To determine whether chronic CAPs exposure alters the MAP and HR response to an acute pressor stress, we utilized a previously described model of acute stress that combines restraint with pulsatile, unavoidable bursts of air to the forehead for 1 min (do Carmo et al. 2011). Briefly, all mice were acclimatized to the restrainer tube for 1 hr before actual experimentation to minimize trauma associated with entry into the restrainer tubes. BP was monitored by telemetry for 15 min. Air-jet stress consisted of pulses (2 sec in duration delivered every 10 sec for 1 min) of compressed air (15 lb/​in2) aimed at the forehead from an opening at the front of the tube. After the 1-min air-jet stress, MAP was measured for an additional 30-min recovery period. BP response during the air-jet stress and recovery period after the air-jet stress were calculated as the changes compared with baseline period measurements. We also calculated the areas under the MAP curve during the air-jet stress and recovery periods.
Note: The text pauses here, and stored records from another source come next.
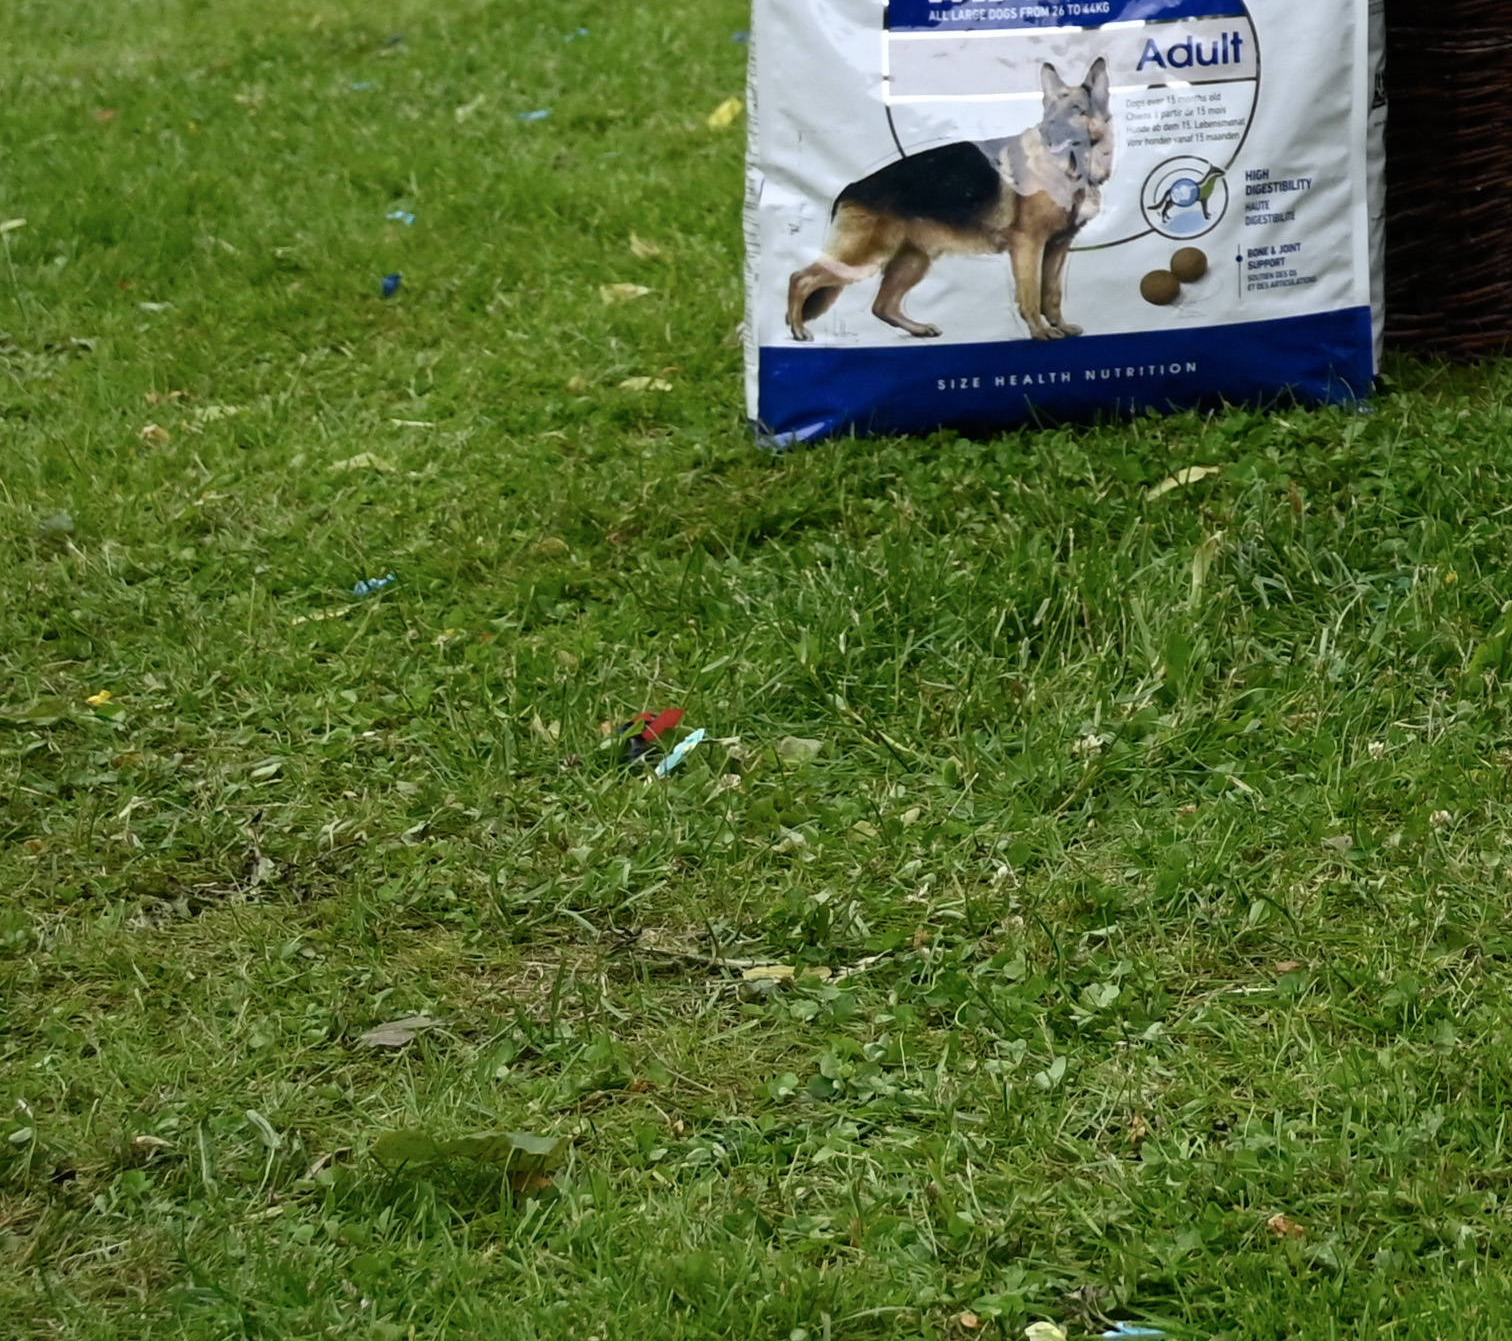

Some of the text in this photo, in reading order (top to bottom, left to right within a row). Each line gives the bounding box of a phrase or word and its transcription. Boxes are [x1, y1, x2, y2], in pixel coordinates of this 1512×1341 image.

[929, 2, 1110, 22] ALL LARGE DOGS FROM 26 TO 44KG
[1136, 30, 1243, 71] Adult
[1245, 169, 1270, 181] HIGH
[1245, 178, 1312, 196] DIGESTIBILITY
[1247, 257, 1286, 270] SUPPORT
[937, 362, 1197, 390] SIZE HEALTH NUTRITION
Spectral analysis. We calculated the power spectra of systolic BP, pulse interval time series, and the cross spectra using fast Fourier transform (FFT). Beat-to-beat values of detected R-R intervals and BP values were interpolated, low-pass filtered (cutoff 6 Hz), and resampled at 12 Hz. Data segments of 43 sec were used for spectral analysis. Linear trends were removed, and we estimated power spectral density with the FFT-based Welch algorithm using segments of 512 data points with 50% overlapping and Hanning window. We calculated the power in the low frequency range (LF, 0.25–0.6 Hz). Five representative intervals were chosen for spectral analysis by a researcher who did not know the treatment of the animals, and the intervals were averaged according to the following criteria: a) steady-state conditions, b) no large sudden BP changes, and c) no artifacts.
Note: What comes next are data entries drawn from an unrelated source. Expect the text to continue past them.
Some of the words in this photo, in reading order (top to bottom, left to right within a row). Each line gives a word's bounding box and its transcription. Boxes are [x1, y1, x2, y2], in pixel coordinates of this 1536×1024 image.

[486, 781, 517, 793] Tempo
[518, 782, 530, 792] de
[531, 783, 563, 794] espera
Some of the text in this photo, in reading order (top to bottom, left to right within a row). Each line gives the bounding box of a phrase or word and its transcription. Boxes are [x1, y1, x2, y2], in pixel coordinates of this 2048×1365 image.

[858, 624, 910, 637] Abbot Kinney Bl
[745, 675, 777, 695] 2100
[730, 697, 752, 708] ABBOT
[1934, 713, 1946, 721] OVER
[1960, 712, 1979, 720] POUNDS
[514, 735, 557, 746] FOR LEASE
Myograph. The mesenteric bed was removed from mice exposed to FA or CAPs, as described above [but not subjected to telemetric transmitter implantation surgery or subsequent analysis (6/group)] and euthanized 1 week later than other mice. Mesenteric arteries (2-mm segments of the second-order branch of the superior mesenteric artery) were dissected free of fat and connective tissue and mounted in wire myograph chambers (DMT 620M; Aarhus N, Denmark). The arterial vessel segments were maintained at 37°C in physiological Krebs’ buffer that was bubbled with 95% oxygen/5% carbon dioxide to maintain the buffer at pH 7.4. After a 30-min equilibration period, vessel tension was increased to 1 mN. A further 30 min after resting tension was established, mesenteric arteries were maximally contracted with a potassium ion-depolarizing solution [KPSS (123 mmol/L postassium chloride, 1.17 mmol/L mg sulfate, 2.37 mmol/L potassium dihydrogen phosphate, 2.5 mmol/L calcium chloride, 11.1 mmol/L d-glucose, and 0.026 mmol/L EDTA)]. The vessels were subjected to graded doses of the vasoconstrictors phenylephrine (10−9 to 10−5 mol/L) and U46619 (10−8 to 10−6.5 mol/L). The results were expressed as a percentage of contraction by 120 mm. To test the acetylcholine-induced vasodilatation, mesenteric arterial rings were precontracted by phenylephrine (1 μm). After a stable contraction plateau was reached with phenylephrine, the vessels were exposed to the endothelium-dependent vasodilator actylcholine (10−8 to 10−5 mol/L). Results were expressed as a percentage of precontraction by phenylephrine.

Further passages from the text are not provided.